Bones are in a constant state of remodelling, and low levels of vitamin D can result in progressive bone mineral loss over time.
When there is adequate vitamin D, up to 40 per cent of dietary calcium is absorbed by the gut compared to only 10-15 per cent at insufficient levels12.
Vitamin C is also part of the joint health puzzle, working closely with amino acids (proteins’ building blocks) for collagen synthesis which is an essential component of connective tissues for healthy joints. New evidence has also highlighted Vitamin C’s potential to increase bone healing after fractures and increase collagen synthesis which is important as collagen fibres are also a key component of the bone structure13.
For energy and vitality, the body turns to a variety of B vitamins, which help turn the food we eat into cellular energy.
In particular, B vitamins are essential for the functioning of mitochondria which are the energy powerhousesof our cells.
A deficiency in just one B vitamin can cause a disruption to the biochemical process of converting nutrients into energy in our cells. Milk and dairy products provide a good dietary source of water-soluble B vitamins, particularly vitamins B2 (riboflavin), B5 (pantothenic acid), and B12 (cobalamin).
Consumers also recognise the importance of B Vitamins for energy with 33% of those surveyed stating they actively choose products with Vitamin B ingredients for energy purposes14.
The impact of reduced mobility as we age is clear to consumers, and whilst most of the impact may not be fully felt until later in life, consumers across all adult age groups (16+) are waking up to mobility as a key health concern. As a result, we see a growing trend towards a more proactive approach to life-long health, built on long-term lifestyle choices that will improve mobility outcomes and maintain longer active lives.
There is a clear unresolved need for products formulated to address wider mobility concerns in the ageing population. When asked if they found the claim "aids with reduced mobility” in food and beverages appealing consumers in the United States, United Kingdom and China agreed at rates of 47%, 51% and 38% respectively15.
The opportunity for dairy is clear. We know that consumers recognise the connection between dairy ingredients and multiple mobility factors and claims.
We also know that the main attribute consumers pay attention to when making purchasing decisions for health products is the ingredient list, over and above front of pack claims16.
As a result, we think dairy ingredients have a key role to play as an established source of nutrients that support mobility components, such as protein for muscle strength, calcium for bone health and vitamins for energy.
As brands around the world set out to address the challenges of the ageing population, they should be seeking research-backed, holistic solutions that will help consumers take control of their mobility from young adulthood and maintain this as they age. It is clear that mobility is not just a senior population concern, and that like many healthy ageing factors, true success comes from early attention and lifelong habits.

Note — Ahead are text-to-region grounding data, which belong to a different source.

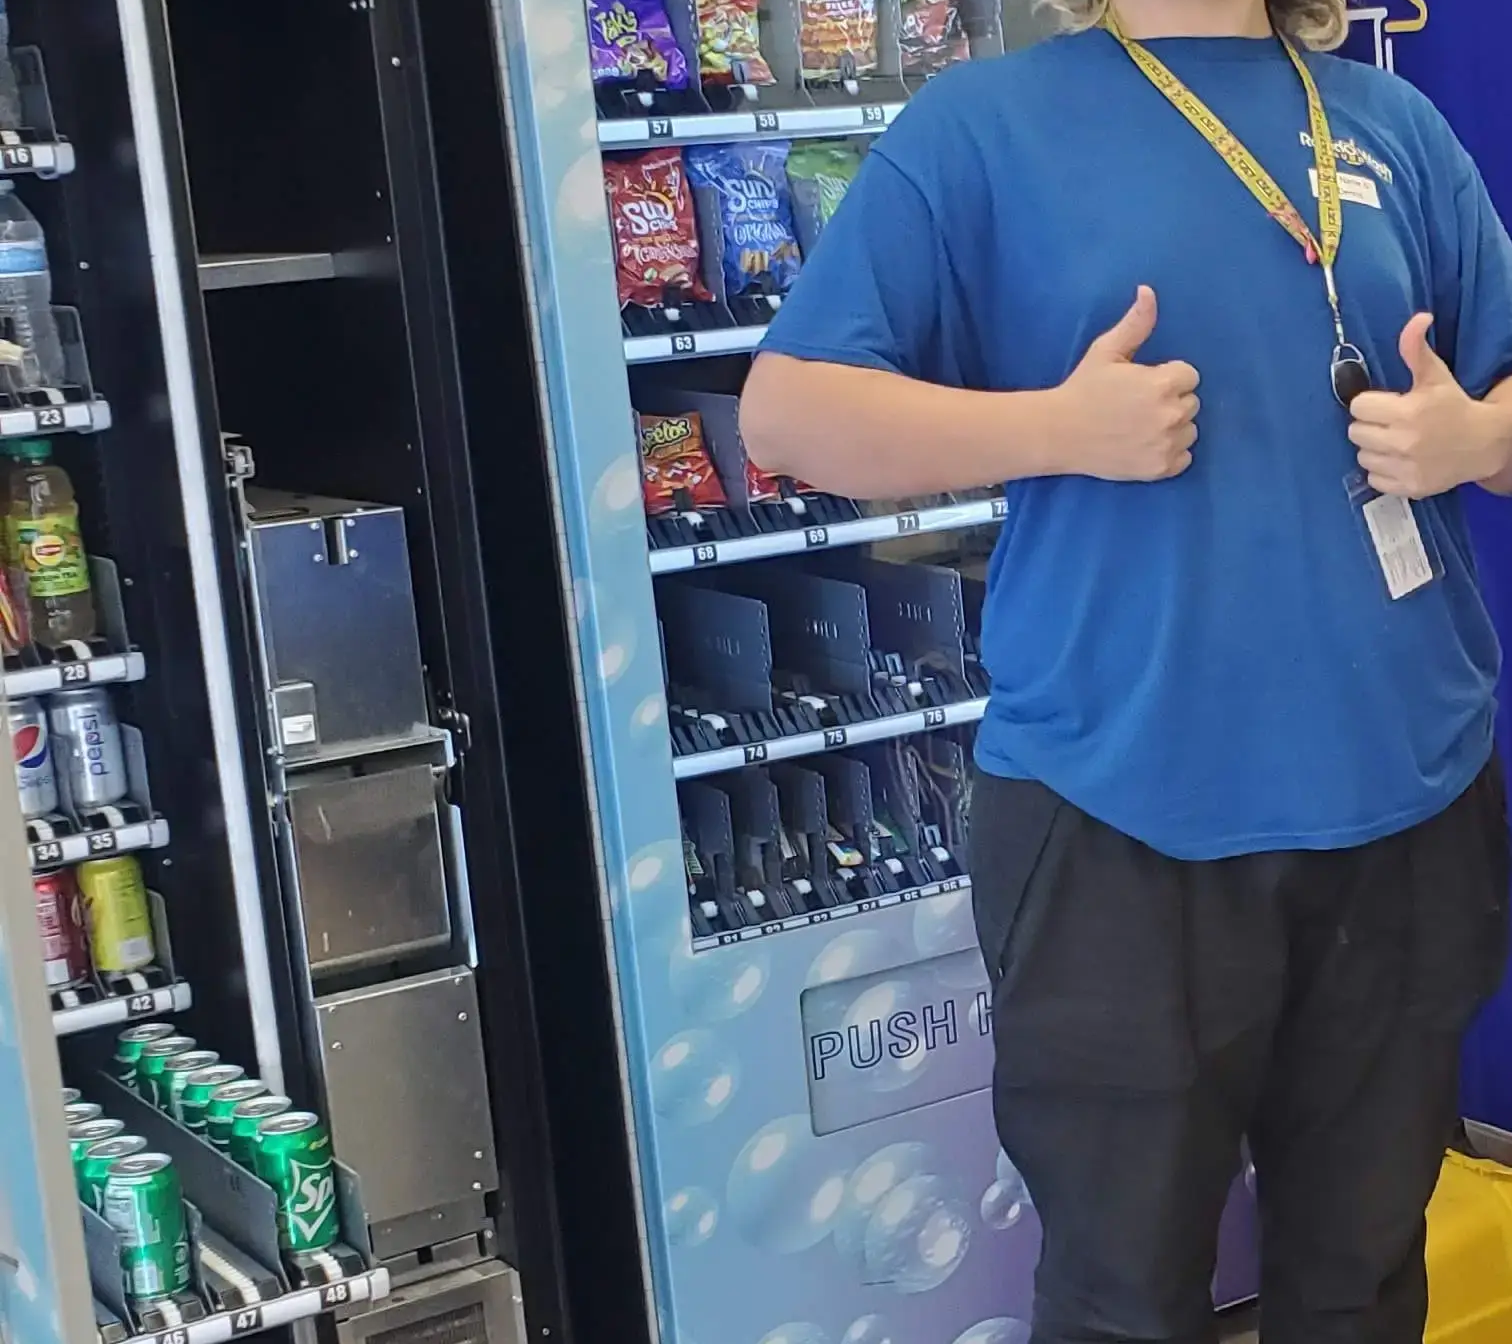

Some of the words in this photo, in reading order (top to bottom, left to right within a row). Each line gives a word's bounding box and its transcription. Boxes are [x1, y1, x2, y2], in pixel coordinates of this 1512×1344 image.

[759, 115, 776, 128] 58
[866, 109, 882, 122] 59
[652, 122, 669, 135] 57
[9, 148, 28, 164] 16
[675, 336, 692, 349] 63
[39, 410, 62, 425] 23
[698, 547, 714, 561] 68
[810, 530, 826, 544] 69
[901, 516, 916, 529] 71
[64, 665, 86, 681] 28
[747, 747, 763, 759] 74
[828, 731, 843, 744] 75
[927, 711, 942, 724] 76
[79, 714, 110, 776] pepsi
[38, 844, 60, 861] 34
[92, 833, 113, 849] 35
[131, 998, 152, 1011] 42
[810, 1000, 958, 1081] PUSH
[235, 1313, 257, 1329] 47
[325, 1286, 347, 1302] 48

Global Lead Nutritionist, Active Living - Fonterra
Jacqueline is a nutrition professional with strong affinity for communication and innovation. Joining Fonterra in 2018, she brings over 19 years’ experience in the global food and beverage industry along with a Master of Science in Human Nutrition and a minor in Marketing and Consumer Science from Wageningen University & Research.
As a Global Lead Nutritionist for Active Living, she is responsible for providing nutritional knowledge and oversight, as well as supporting the research and development of innovative nutritional solutions that meet consumer needs in the health, wellbeing, and medical space.
This information is intended for B2B customers, suppliers and distributors, and is not intended as information for final consumers. Regulatory jurisdictions globally approach product claim requirements differently. In developing claims for final product labels, manufacturers should seek guidance to assure compliance with the appropriate regulatory authority.